David Tarler, a training and enforcement official for the repatriation program, said some Indian tribes feel the use of the term “cultural patrimony” in the documentation amounts to an acknowledgment that the objects should never have been removed from tribal hands without consent. Mr. Tarler, who has monitored the Apache case since it arose in 2005, said such an admission is “an important matter of healing” for those tribes. “They want affirmation that they have always owned the objects tribally,” he said.
The repatriation act is intended to help American Indians reclaim burial and religious items and other objects of enduring significance that were taken from reservations when the tribes were suffering under resettlement, poverty and military control. It was a time, Indians and historians say, when communal spiritual items were filched by unscrupulous visitors, confiscated by soldiers, or sold and bartered by hungry tribe members who lacked such authority.
“We were hunted down and overrun, and this is all part of our historical trauma that we still carry around,” said Ramon Riley, cultural resources director for the White Mountain Apache Tribe in southwest Arizona.
Mr. Riley, who is 73, and his fellow leaders from the San Carlos, Tonto and Yavapai tribes say they are morally bound to demand the designations they deem more respectful. “These are not playthings,” he said. “We use them in ceremonies to connect us with our creator.”
The Apaches say the Natural History Museum’s stance angers and perplexes them because the museum has used the desired designations on three earlier occasions, in 1998, 1999 and 2007, when repatriating Apache ceremonial caps, lightning sticks and similar articles. They also point out that the museum has used the more formal wording in the Federal Register in 19 of the 21 American Indian repatriations accords it has made since 1998.

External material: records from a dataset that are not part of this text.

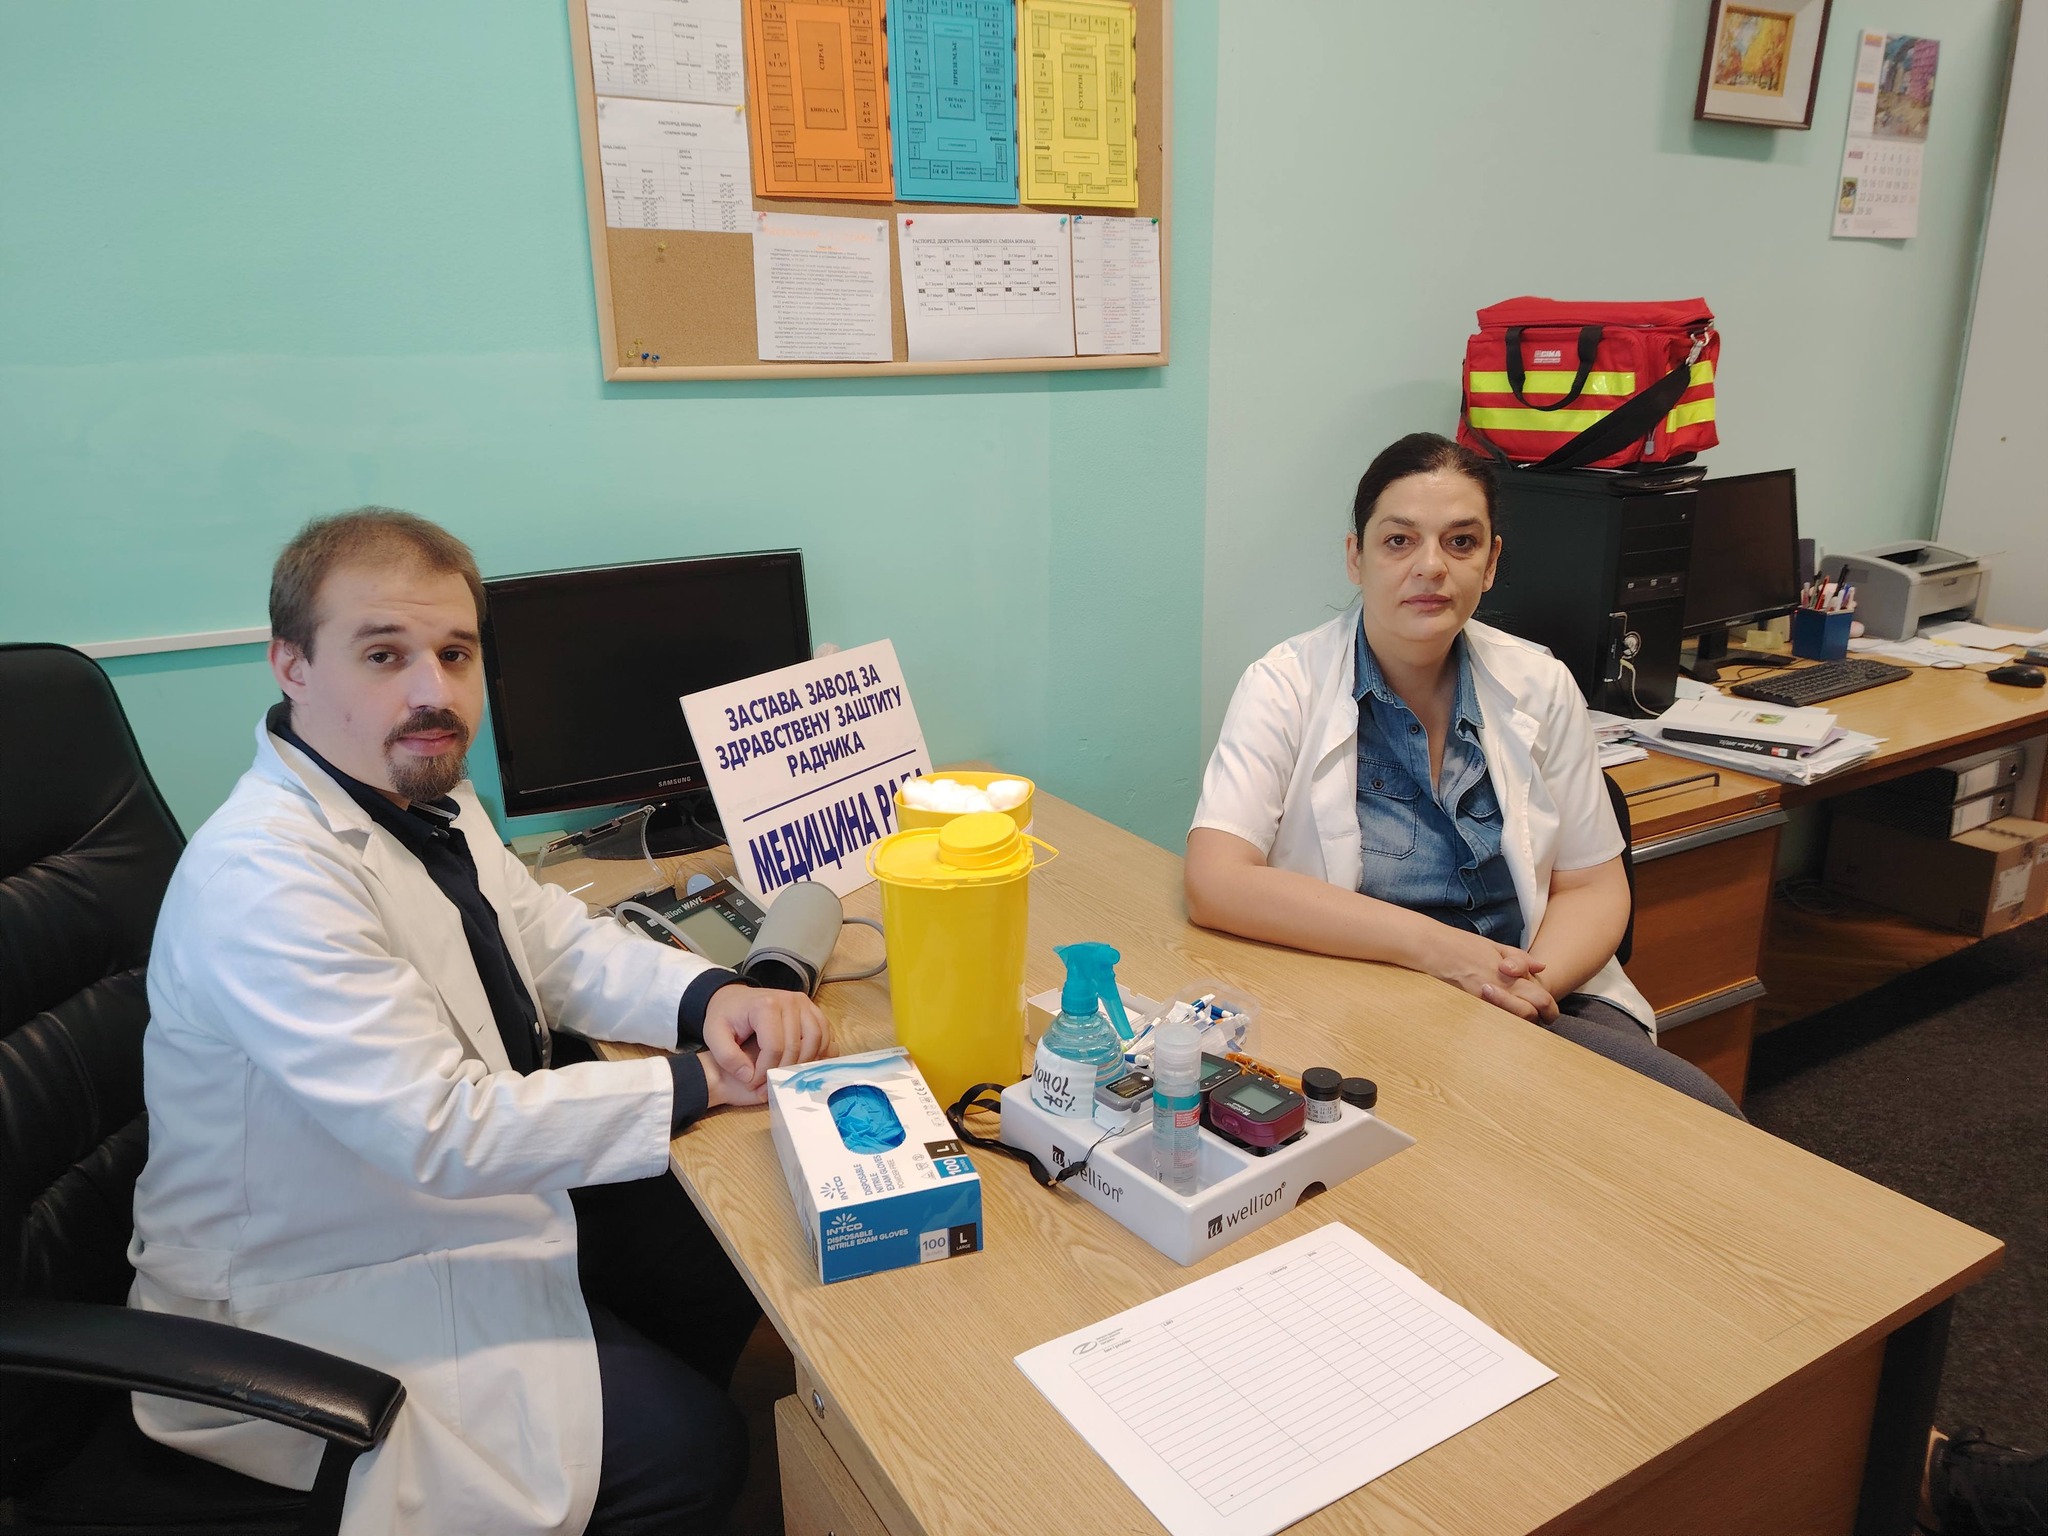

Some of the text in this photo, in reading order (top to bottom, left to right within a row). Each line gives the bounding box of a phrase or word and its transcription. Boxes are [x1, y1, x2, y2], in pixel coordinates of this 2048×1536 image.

[725, 664, 881, 731] ЗАСТАВА ЗАВОД ЗА
[715, 685, 902, 771] ЗДРАВСТВЕНУ ЗАШТИТУ
[786, 731, 865, 778] РАДНИКА
[658, 776, 691, 788] SAMSUNG
[749, 792, 881, 895] МЕДИЦИНА
[663, 908, 682, 920] ellion
[681, 896, 704, 911] WAVE
[1044, 1091, 1076, 1112] 70%
[936, 1145, 950, 1153] L
[873, 1155, 895, 1191] EXAM GLOVES
[943, 1159, 961, 1176] 100
[833, 1176, 849, 1200] INTCO
[853, 1163, 873, 1196] DISPOSABLE
[870, 1173, 884, 1193] NITRILE
[826, 1222, 863, 1236] INTCO
[826, 1229, 873, 1245] DISPOSABLE
[827, 1228, 909, 1251] NITRILE EXAM GLOVES
[959, 1232, 968, 1244] L
[922, 1237, 946, 1250] 100
[956, 1243, 971, 1251] LARGE

Tribe members visited the museum in 2005 to identify the items, sent letters to the museum and federal officials explaining why the items are singular, and went before a review committee set up under the federal law, which agreed that the items were part of the tribe’s cultural heritage.

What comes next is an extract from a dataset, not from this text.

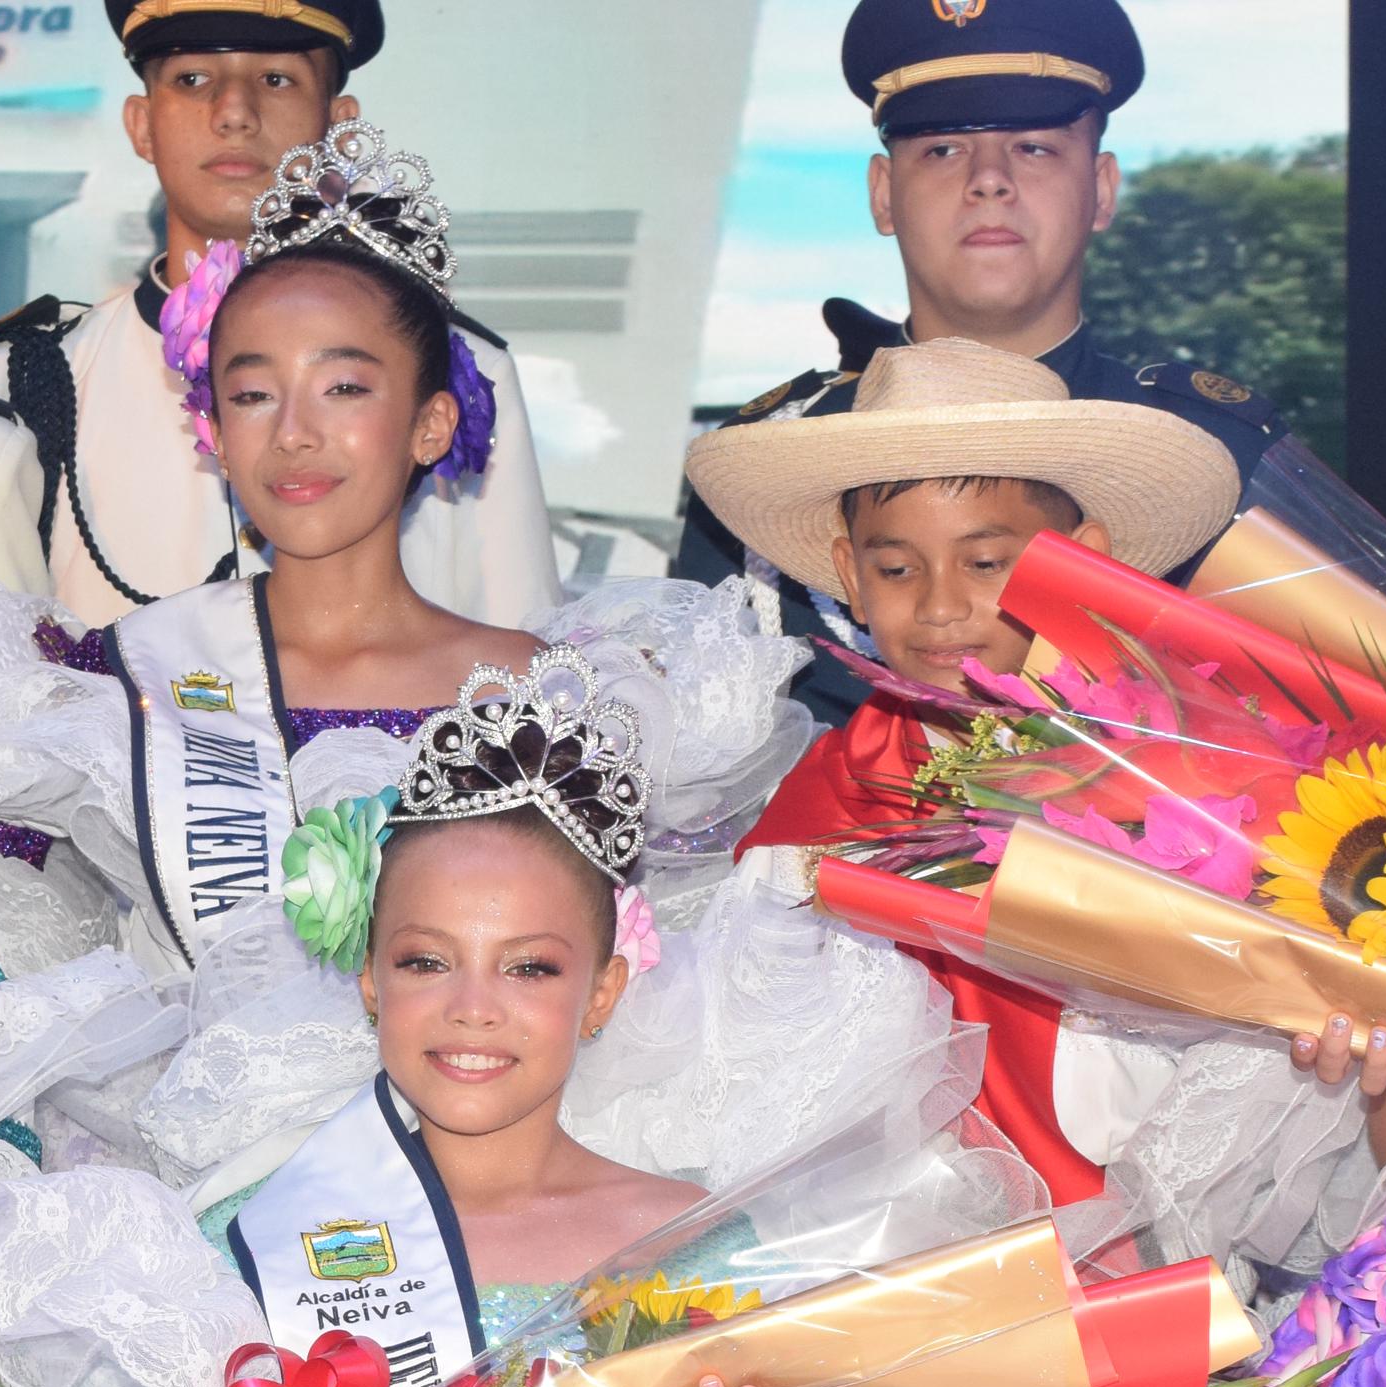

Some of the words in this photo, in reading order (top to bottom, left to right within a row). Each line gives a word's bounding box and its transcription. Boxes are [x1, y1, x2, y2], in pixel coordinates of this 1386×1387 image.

[185, 803, 270, 922] NEIVA
[296, 1282, 388, 1306] Alcaldía
[399, 1279, 426, 1294] de
[316, 1301, 414, 1330] Neiva

The Apaches renewed their talks with the museum in January, soon after the Field Museum in Chicago agreed to classify 146 tribal items as sacred objects of cultural patrimony based on “a greater understanding of Apache beliefs.” In doing so, the Field altered its 2006 decision to classify 56 of those objects as cultural items only, and submitted a revised notice to the Federal Register, where such returns must be announced.
Some two dozen museums have adopted the Apaches’ position in making their returns, including the Denver Museum of Art, the Metropolitan Museum of Art and the state museums of Arizona and New Mexico.

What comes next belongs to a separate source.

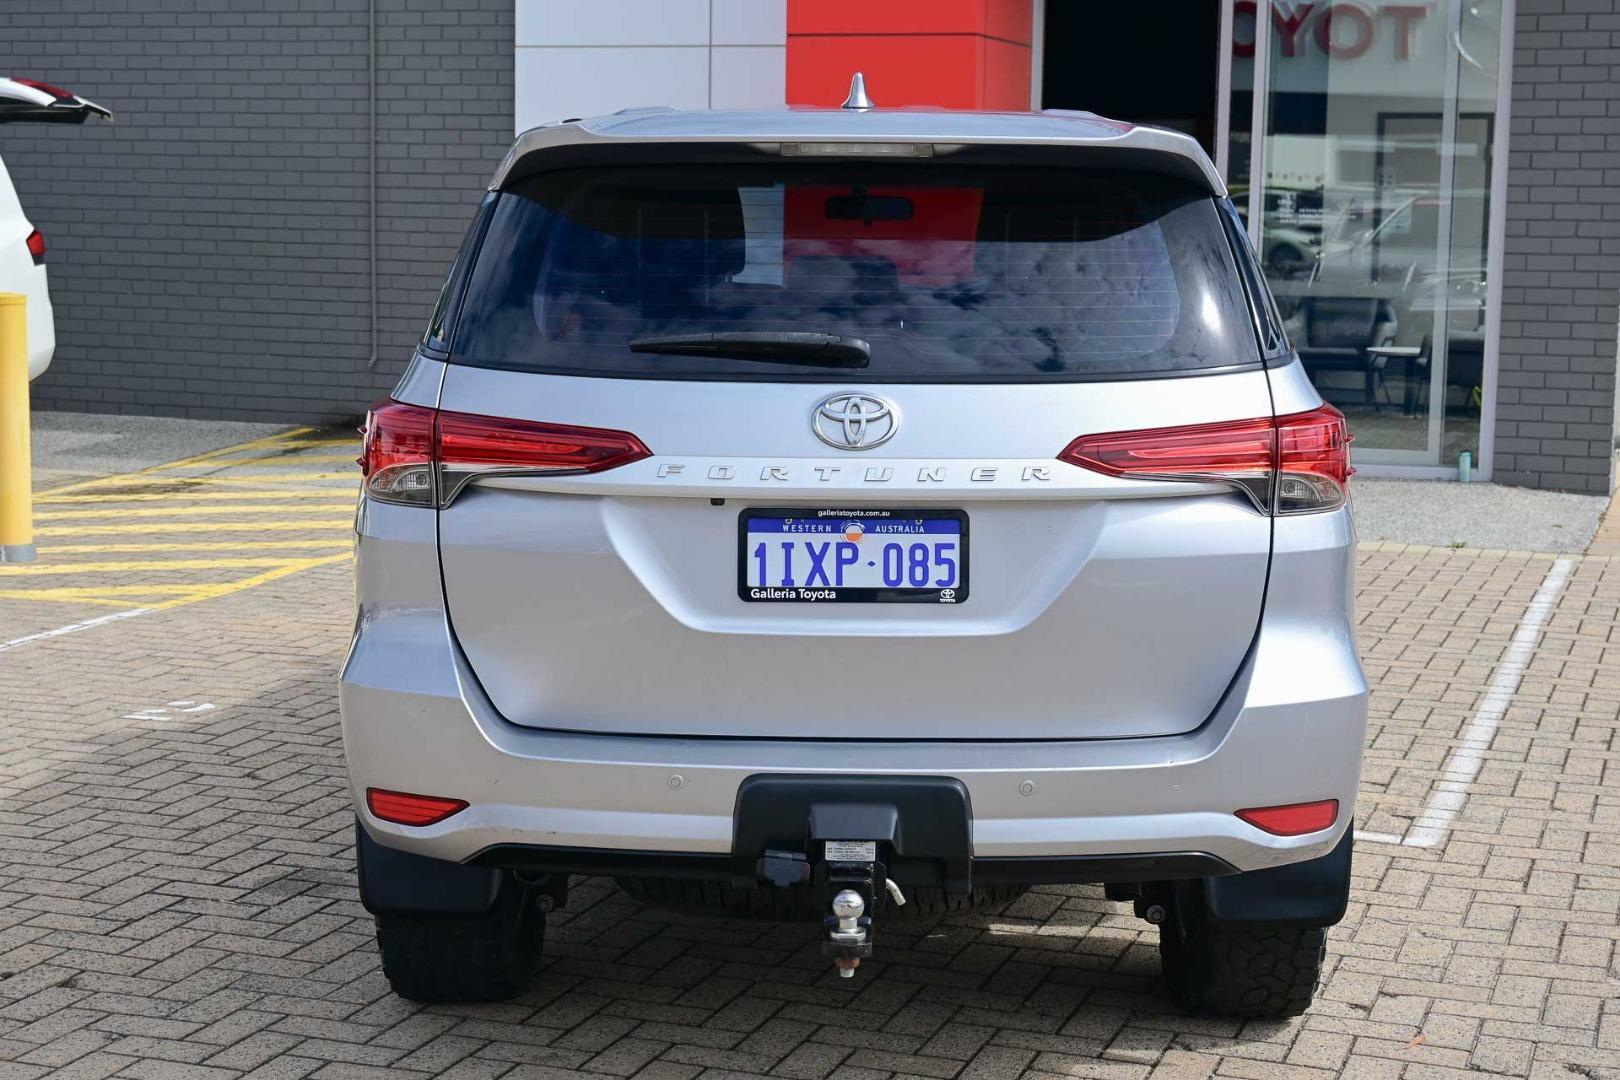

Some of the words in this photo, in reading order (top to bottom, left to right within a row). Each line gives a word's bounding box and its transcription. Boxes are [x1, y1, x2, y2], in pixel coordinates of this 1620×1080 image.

The Apaches, though, also have a dispute with the Smithsonian Institution, which is not governed by the 1990 Repatriation Act, over its refusal to return six objects that the tribe deems both sacred and patrimonial.
Mr. Randall said the social ills plaguing his tribe compel the Apaches to remain at loggerheads with the natural history museum in New York.
“If we disrespect the holy people, we suffer terrible consequences,” he said.